**Exercise prompt:**
Could you transcribe every record below exactly as written, excluding the pictures?

**Available records:**
....
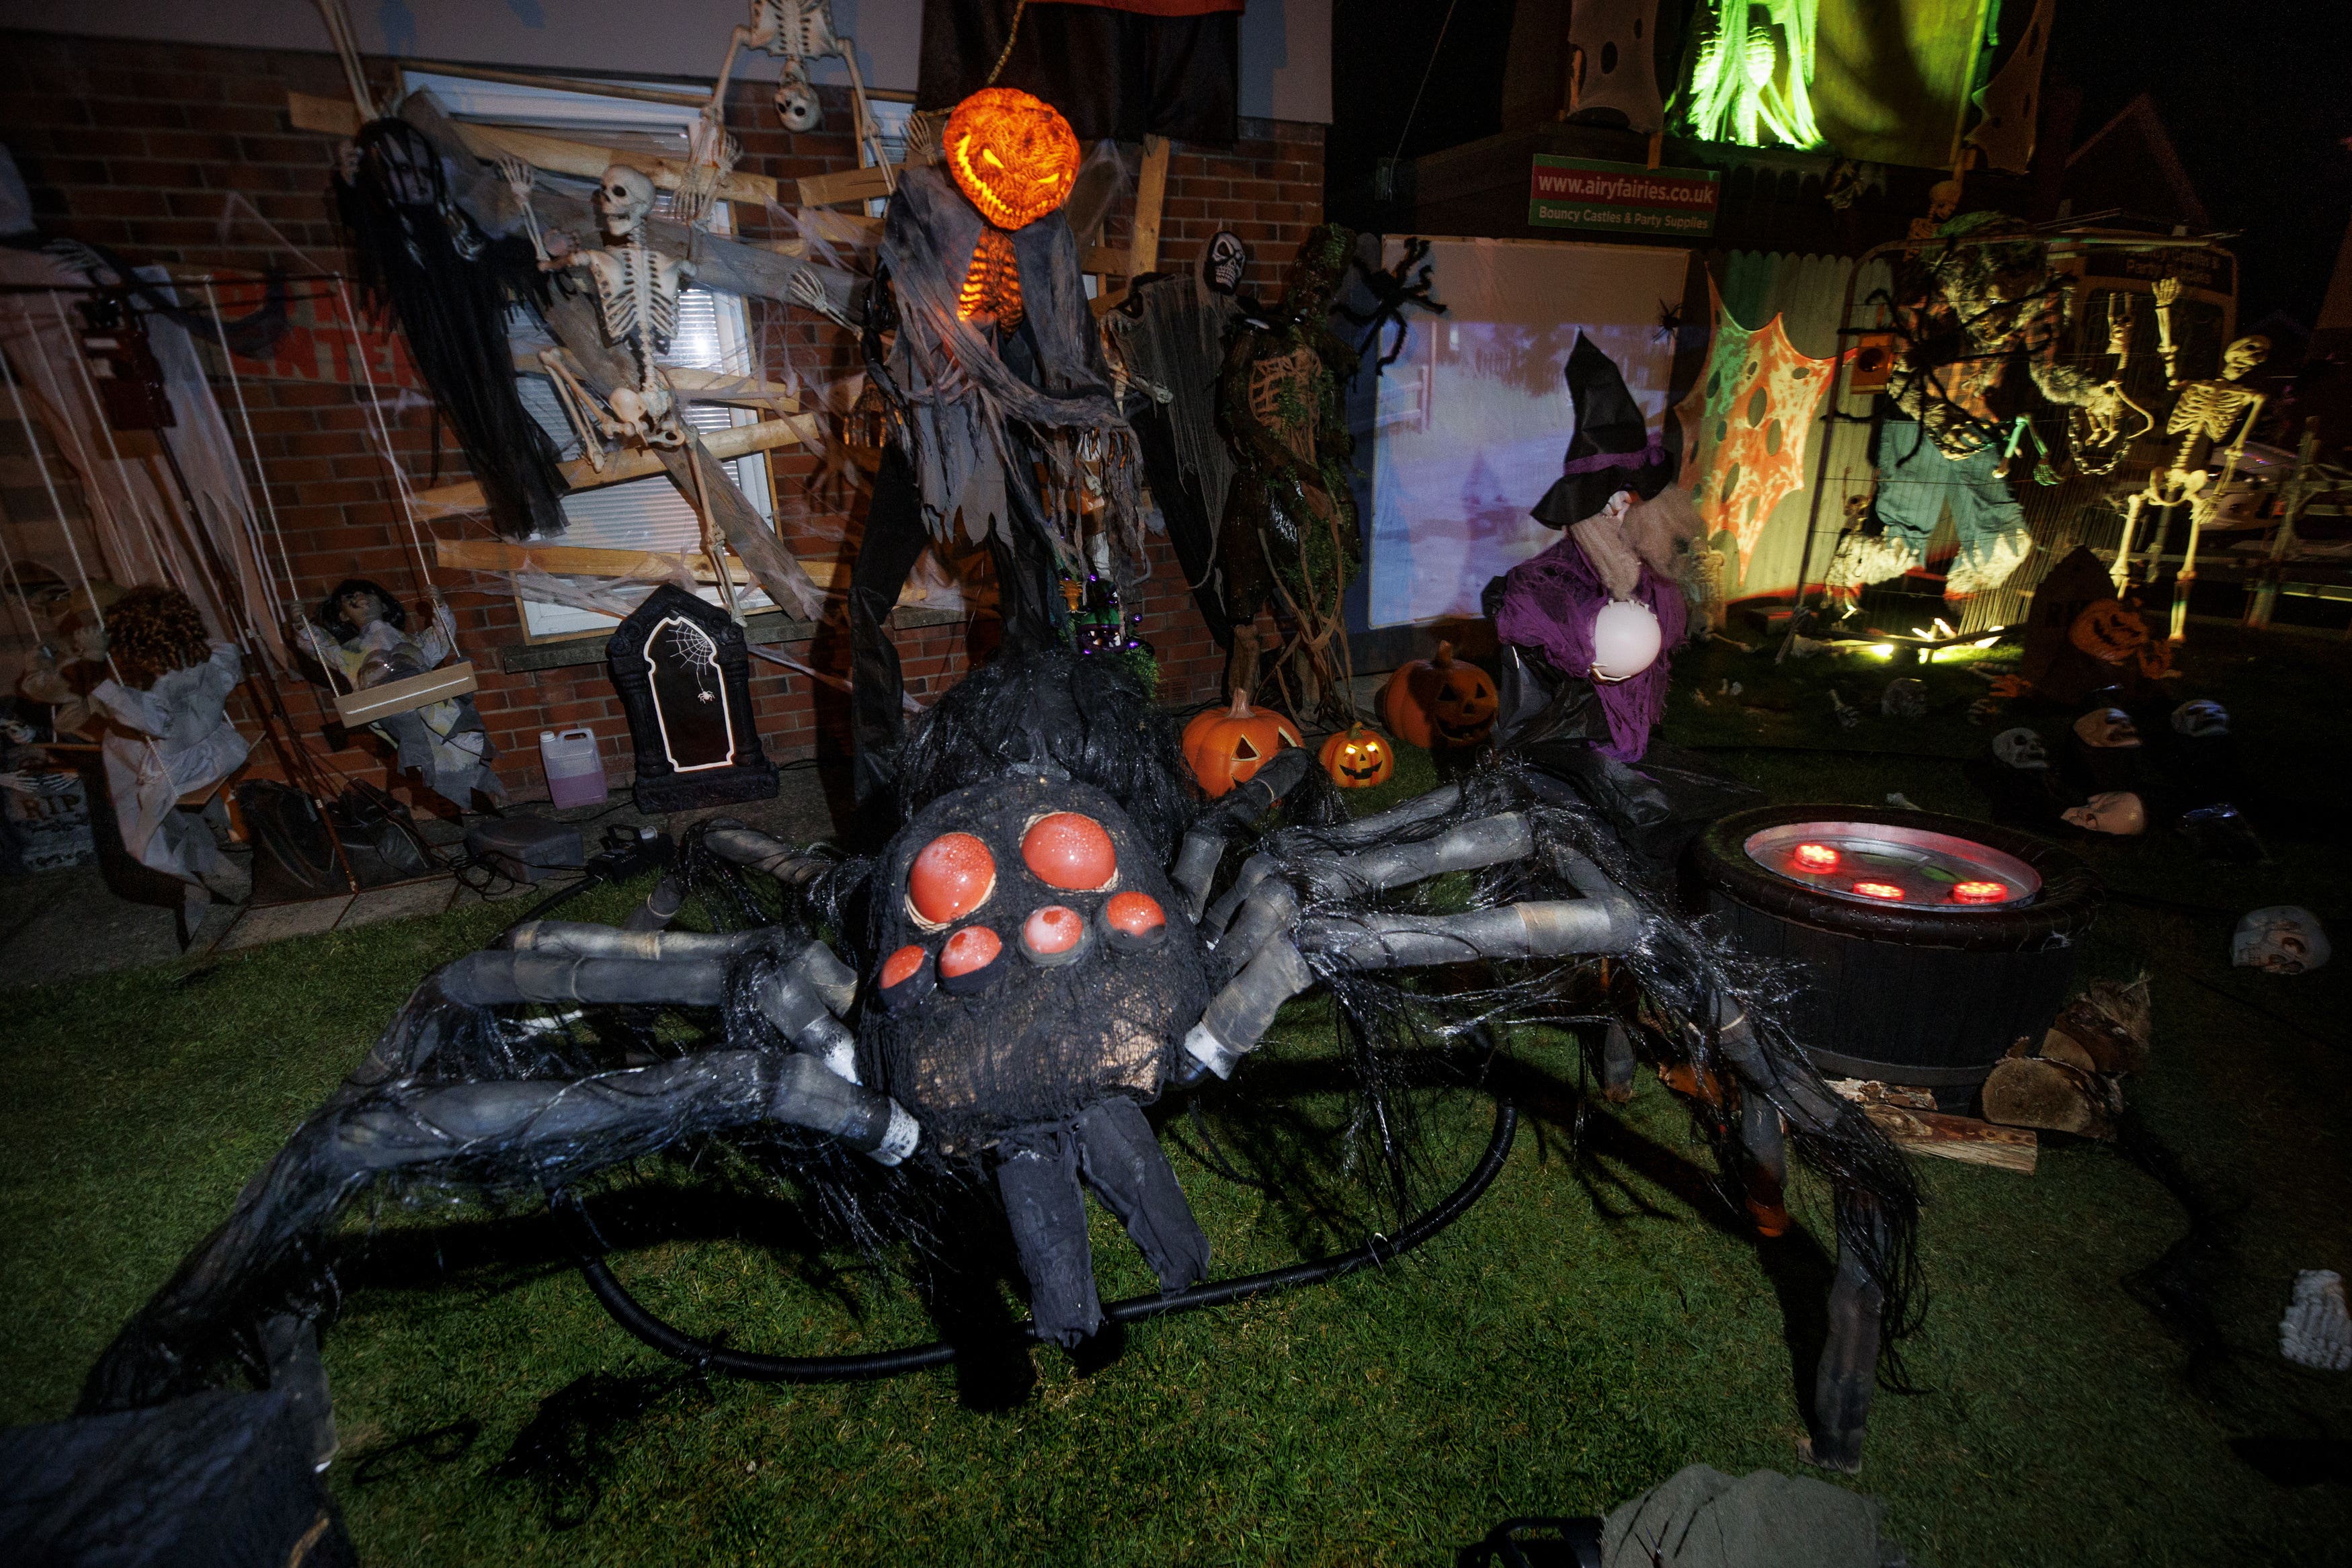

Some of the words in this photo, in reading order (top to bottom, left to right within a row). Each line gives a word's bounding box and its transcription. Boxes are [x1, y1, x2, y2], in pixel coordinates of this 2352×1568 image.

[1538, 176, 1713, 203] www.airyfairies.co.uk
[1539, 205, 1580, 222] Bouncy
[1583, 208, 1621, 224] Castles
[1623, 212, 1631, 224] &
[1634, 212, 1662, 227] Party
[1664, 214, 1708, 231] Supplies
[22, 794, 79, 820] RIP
....
**Output for this task:**
Some of the words in this photo, in reading order (top to bottom, left to right within a row). Each line gives a word's bounding box and its transcription. Boxes are [x1, y1, x2, y2], in pixel coordinates of this 2352×1568 image.

[1538, 176, 1713, 203] www.airyfairies.co.uk
[1539, 205, 1580, 222] Bouncy
[1583, 208, 1621, 224] Castles
[1623, 212, 1631, 224] &
[1634, 212, 1662, 227] Party
[1664, 214, 1708, 231] Supplies
[22, 794, 79, 820] RIP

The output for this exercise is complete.